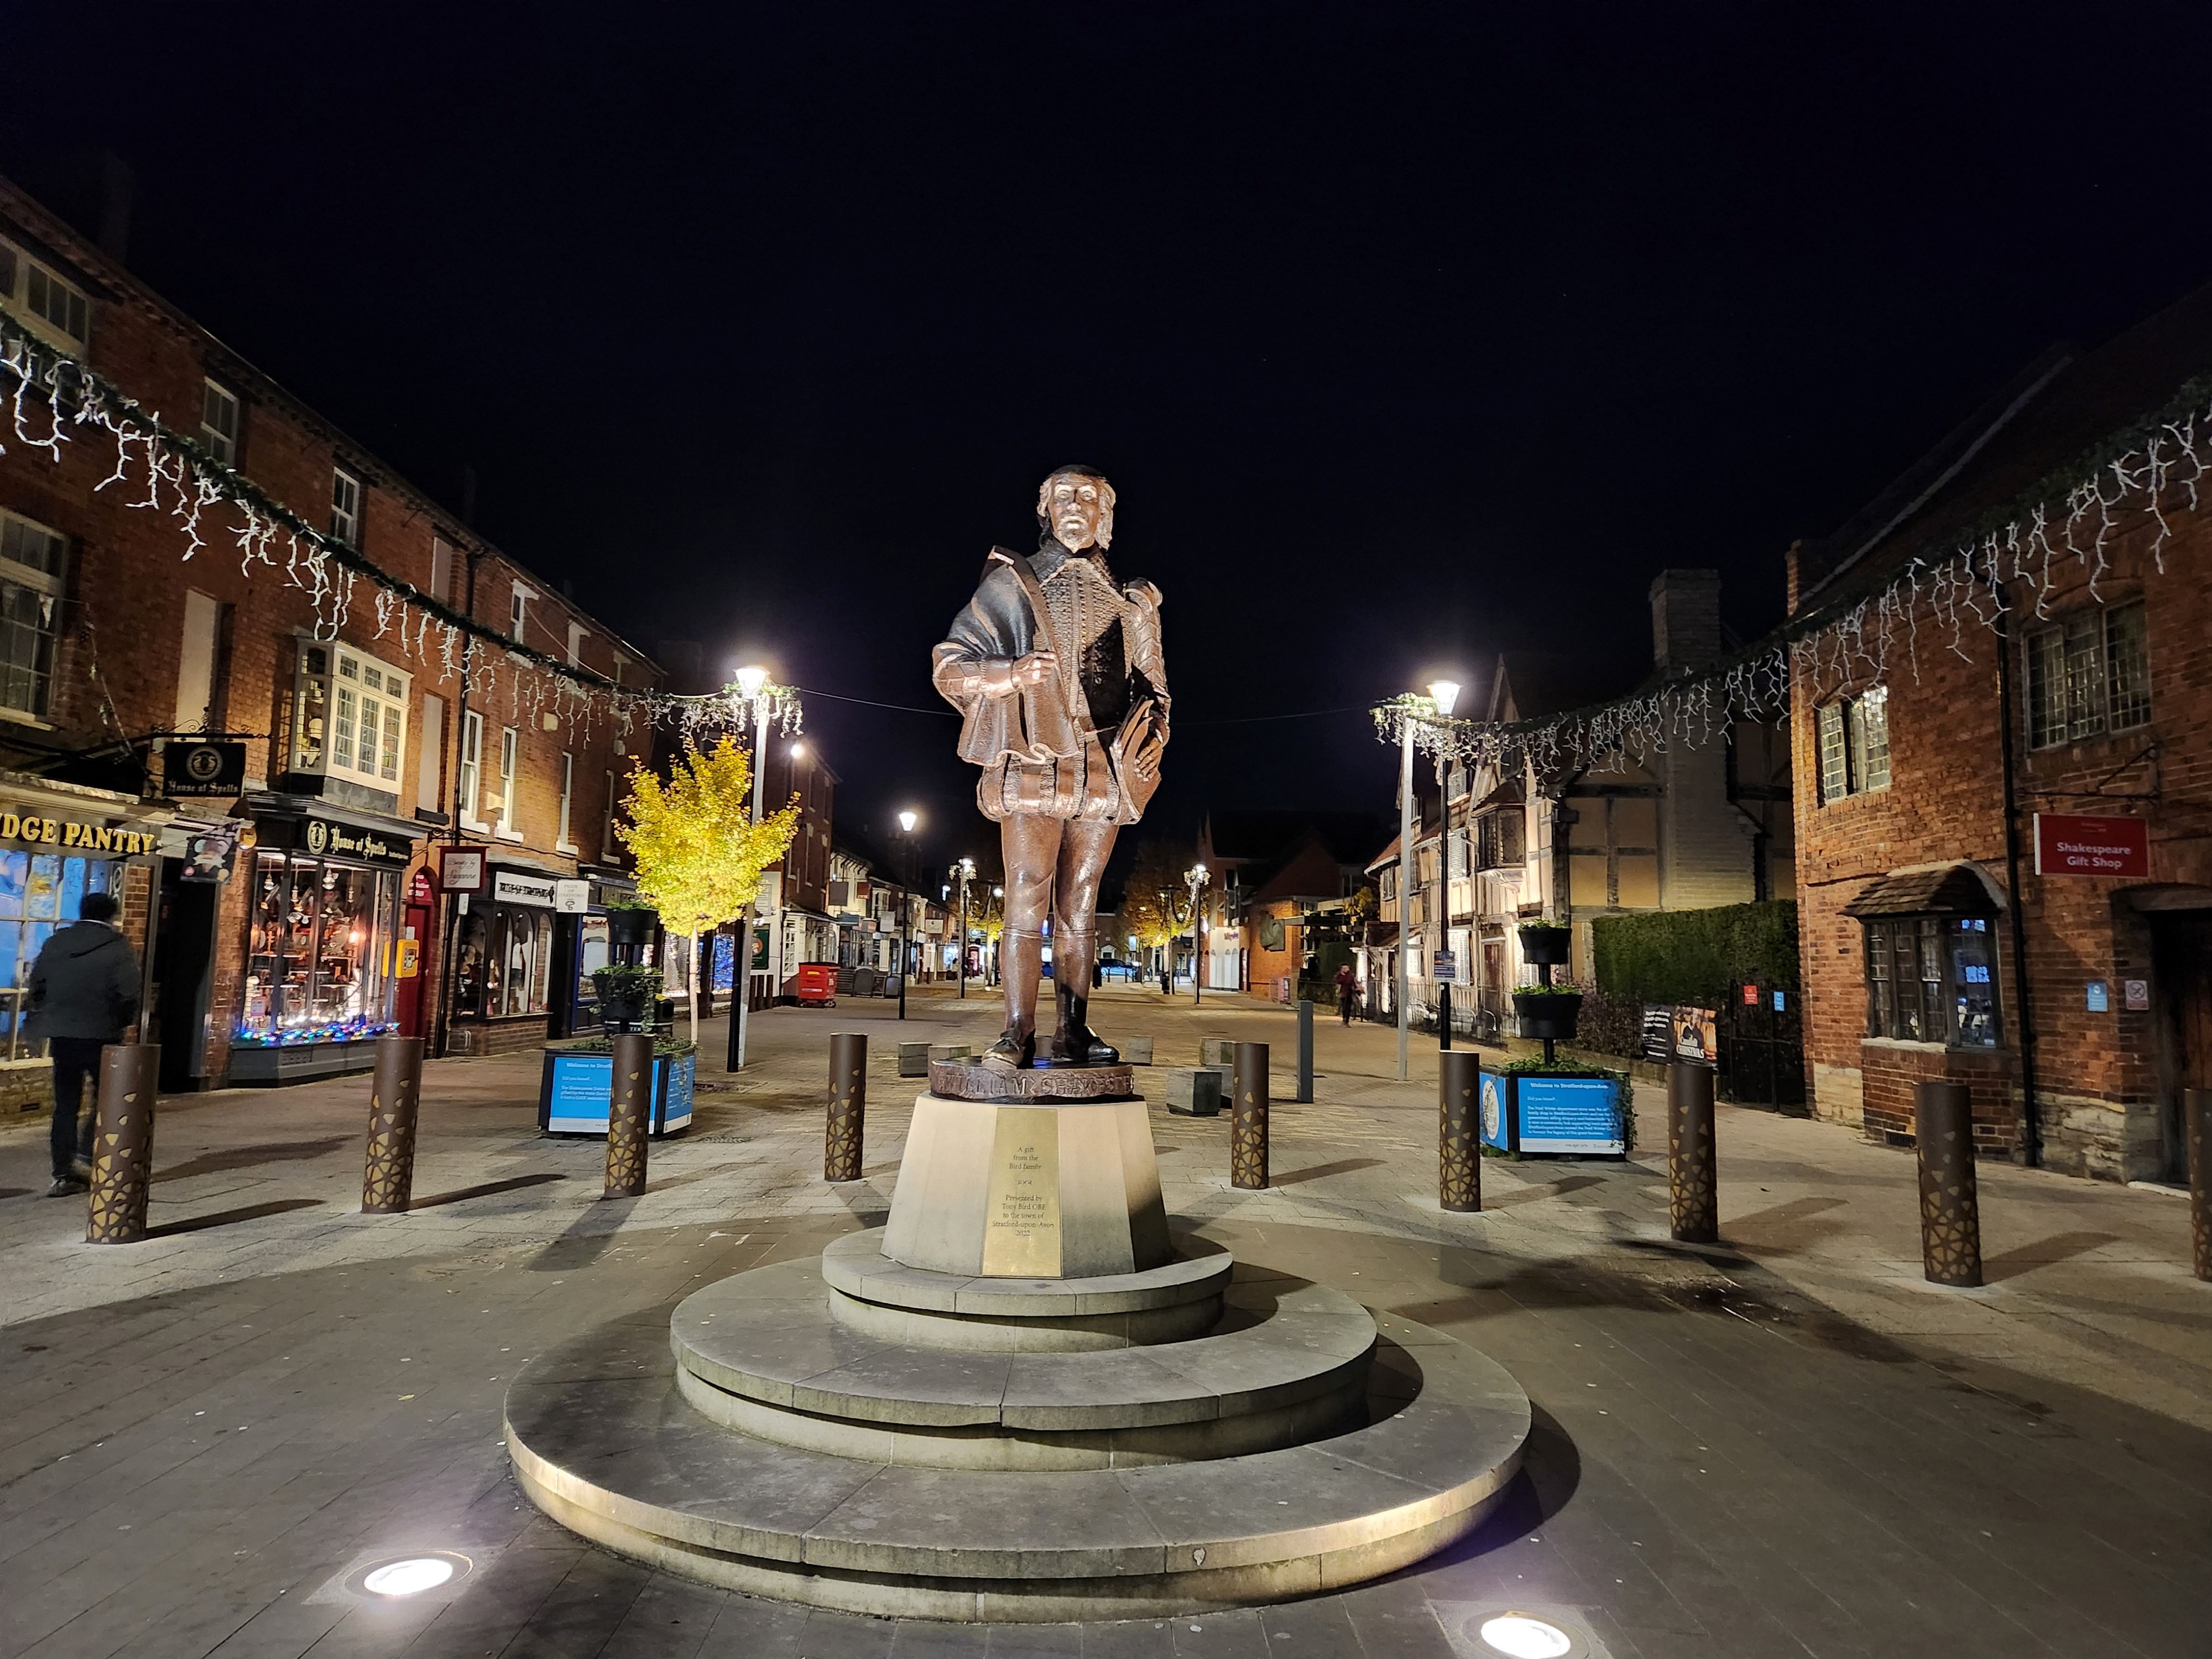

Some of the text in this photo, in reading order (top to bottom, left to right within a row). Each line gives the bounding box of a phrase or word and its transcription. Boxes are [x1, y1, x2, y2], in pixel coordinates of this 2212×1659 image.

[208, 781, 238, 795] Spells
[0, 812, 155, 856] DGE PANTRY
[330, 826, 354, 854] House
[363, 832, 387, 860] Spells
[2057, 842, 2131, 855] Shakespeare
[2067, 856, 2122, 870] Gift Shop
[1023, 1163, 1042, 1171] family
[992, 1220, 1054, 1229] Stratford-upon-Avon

Goal of the exercise:
Send back the entries above exactly. Skip the images.

Completed task:
Some of the text in this photo, in reading order (top to bottom, left to right within a row). Each line gives the bounding box of a phrase or word and its transcription. Boxes are [x1, y1, x2, y2], in pixel coordinates of this 2212×1659 image.

[208, 781, 238, 795] Spells
[0, 812, 155, 856] DGE PANTRY
[330, 826, 354, 854] House
[363, 832, 387, 860] Spells
[2057, 842, 2131, 855] Shakespeare
[2067, 856, 2122, 870] Gift Shop
[1023, 1163, 1042, 1171] family
[992, 1220, 1054, 1229] Stratford-upon-Avon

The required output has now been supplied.